Dios también te ha elegido a ti, desde el bautismo, como a María para que, con plena libertad, le ofrezcas tu respuesta y respondas a su llamada. Pero una respuesta en medio de la vida, en medio de cada día. La respuesta tendrá más sentido y será más real cuando seas capaz de poner a Dios en el centro de tu ser, de tu voluntad, de tus actitudes y valores y dejar que sea Él quien los oriente y los acompañe. También tú eres portador de esta buena noticia ante todos los hombres: despojarse de lo viejo y recobrar la belleza que nace de Dios en el encuentro con Jesús. Recuerda que caminamos hacia Él.


Puede que sean muchos los miedos que nos llegan a los cristianos desde tantas direcciones:  mundo moderno y secularización, teñido de un futuro bastante incierto; nuestra misma debilidad y pecado; la débil respuesta en los mismos procesos de fe, etc.
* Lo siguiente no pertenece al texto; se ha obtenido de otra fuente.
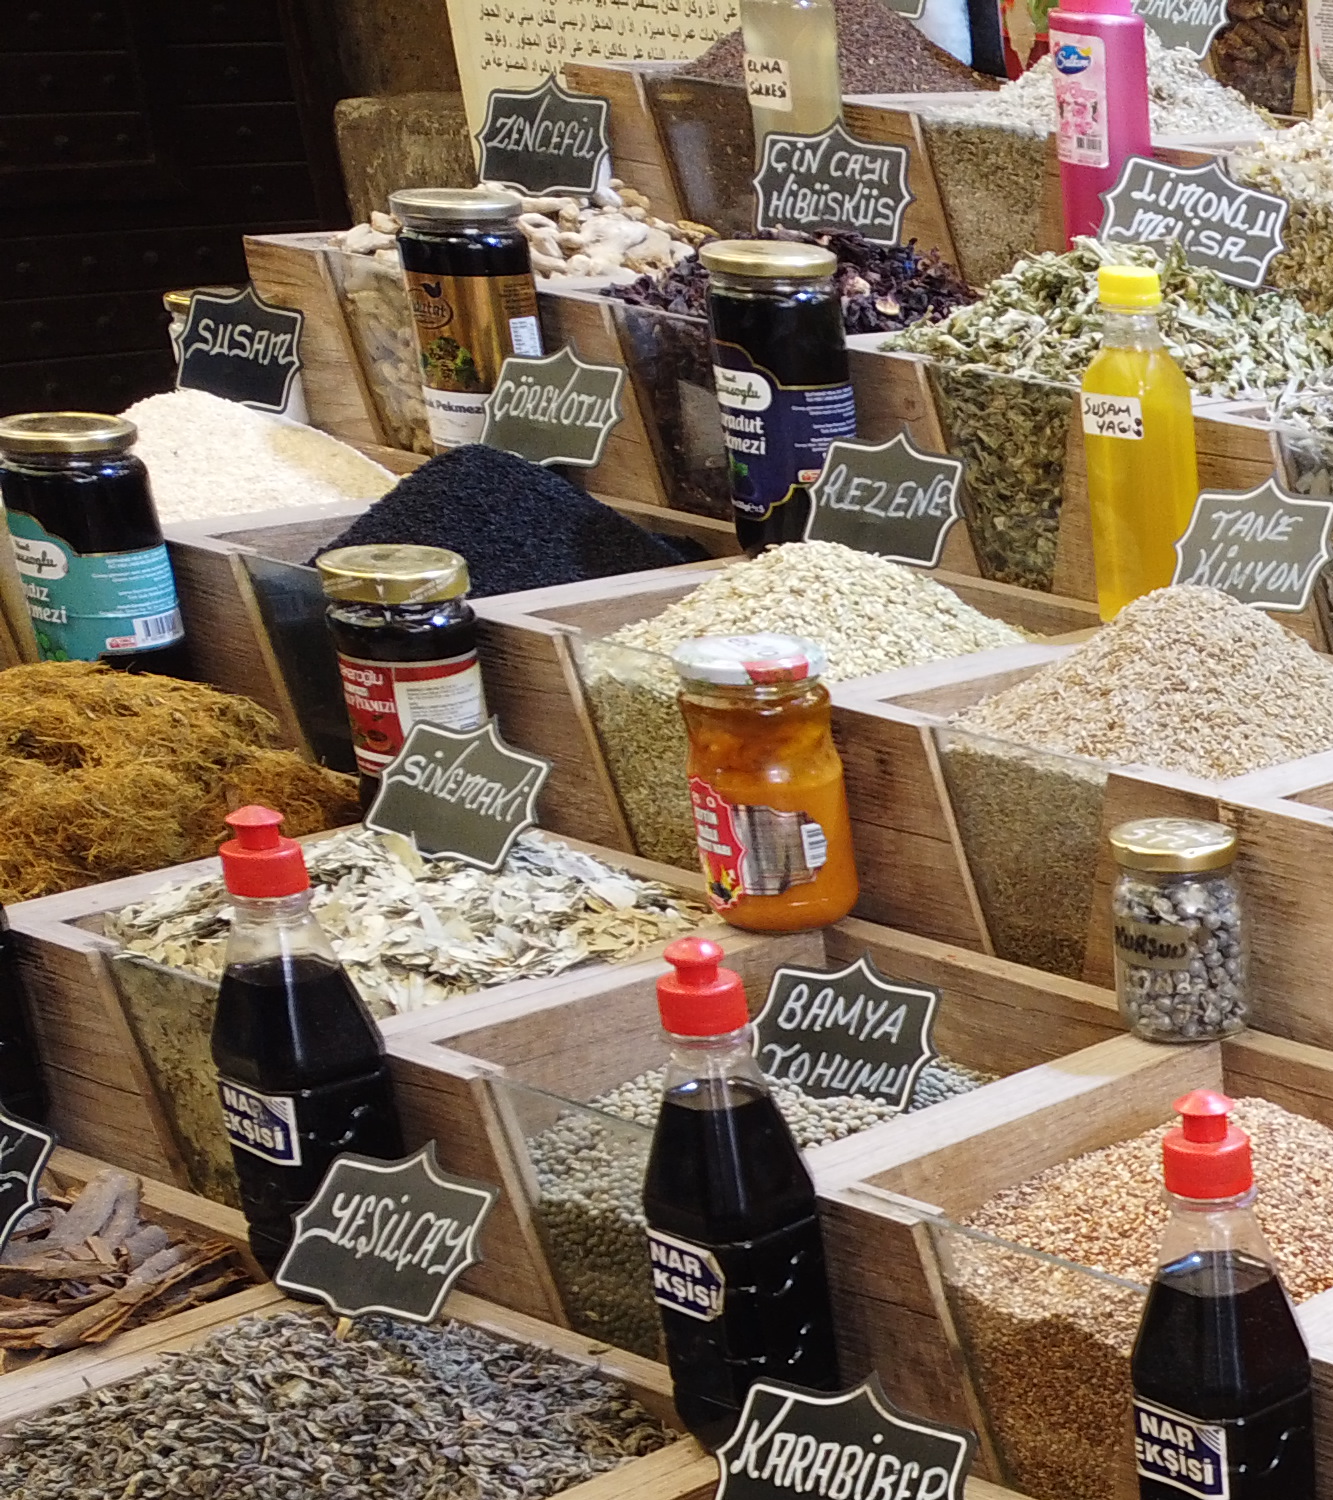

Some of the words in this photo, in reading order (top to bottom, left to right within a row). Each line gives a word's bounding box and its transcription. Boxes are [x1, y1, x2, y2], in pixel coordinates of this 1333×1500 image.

[650, 1241, 703, 1279] NAR
[652, 1267, 718, 1311] KŞİSİ
[1140, 1411, 1196, 1452] NAR
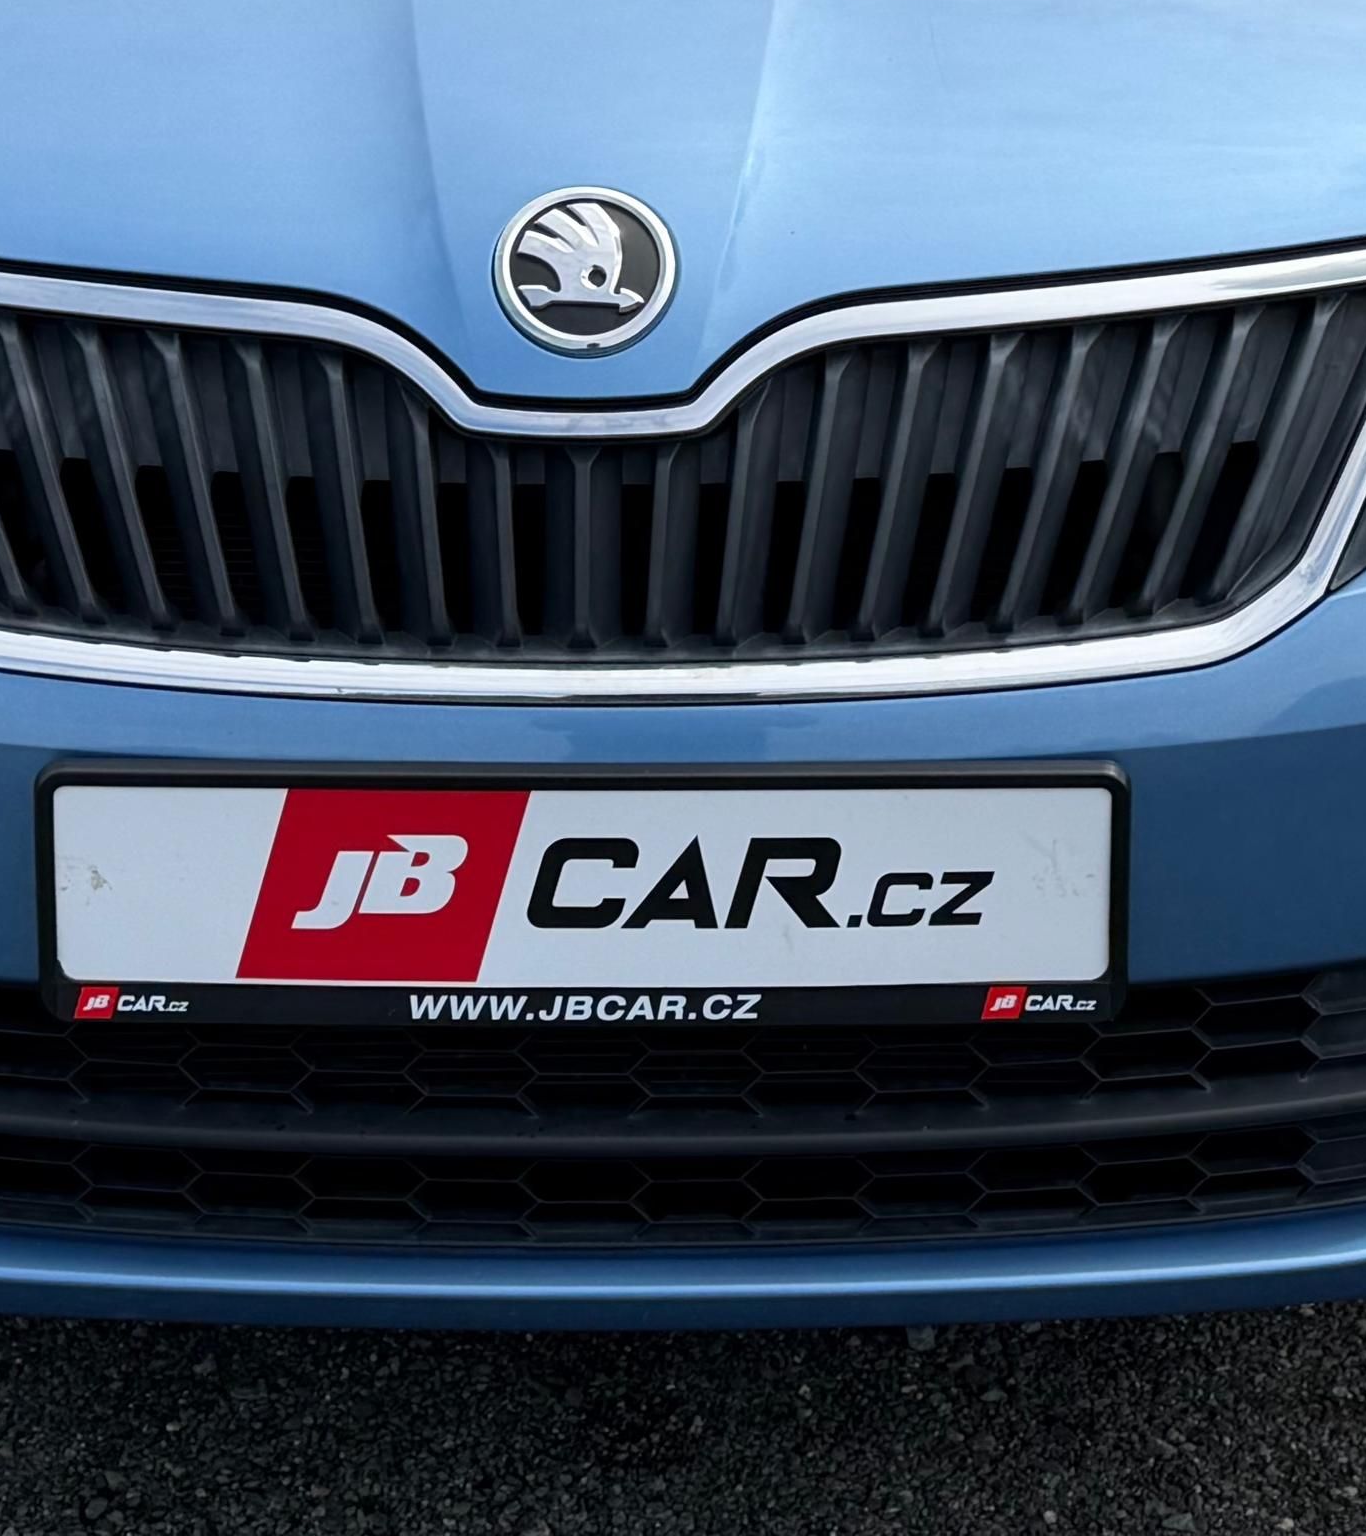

El miedo paraliza y nos impide vivir con confianza, además de crear falsas imágenes de lo que nos gustaría y no tenemos. María nos enseña a vivir abiertos a la presencia de Dios que sorprende desde la humildad y la sencillez y, en tantas y tantas ocasiones, desde los más sencillos y callados en nuestras mismas comunidades parroquiales.

Con María, en este Adviento, podemos ser luz y poner luz en medio de la vida y ser sembradores de esperanza en lo más pequeño y cotidiano, siempre que intentemos sembrar gracia a costa de quitar pecado y dureza de corazón. Nuestra misión es responder a tanta gracia de Dios derramada en nuestras pobres ánforas de barro, para vivir en nuestras comunidades parroquiales la respuesta a este Dios que nos quiere humanizar desde dentro para ser creadores de fraternidad. ¡Ánimo, con mucha confianza como María!

“La palabra más honda es la que nace del silencio mismo de Dios y solo se traduce en el lenguaje del amor”.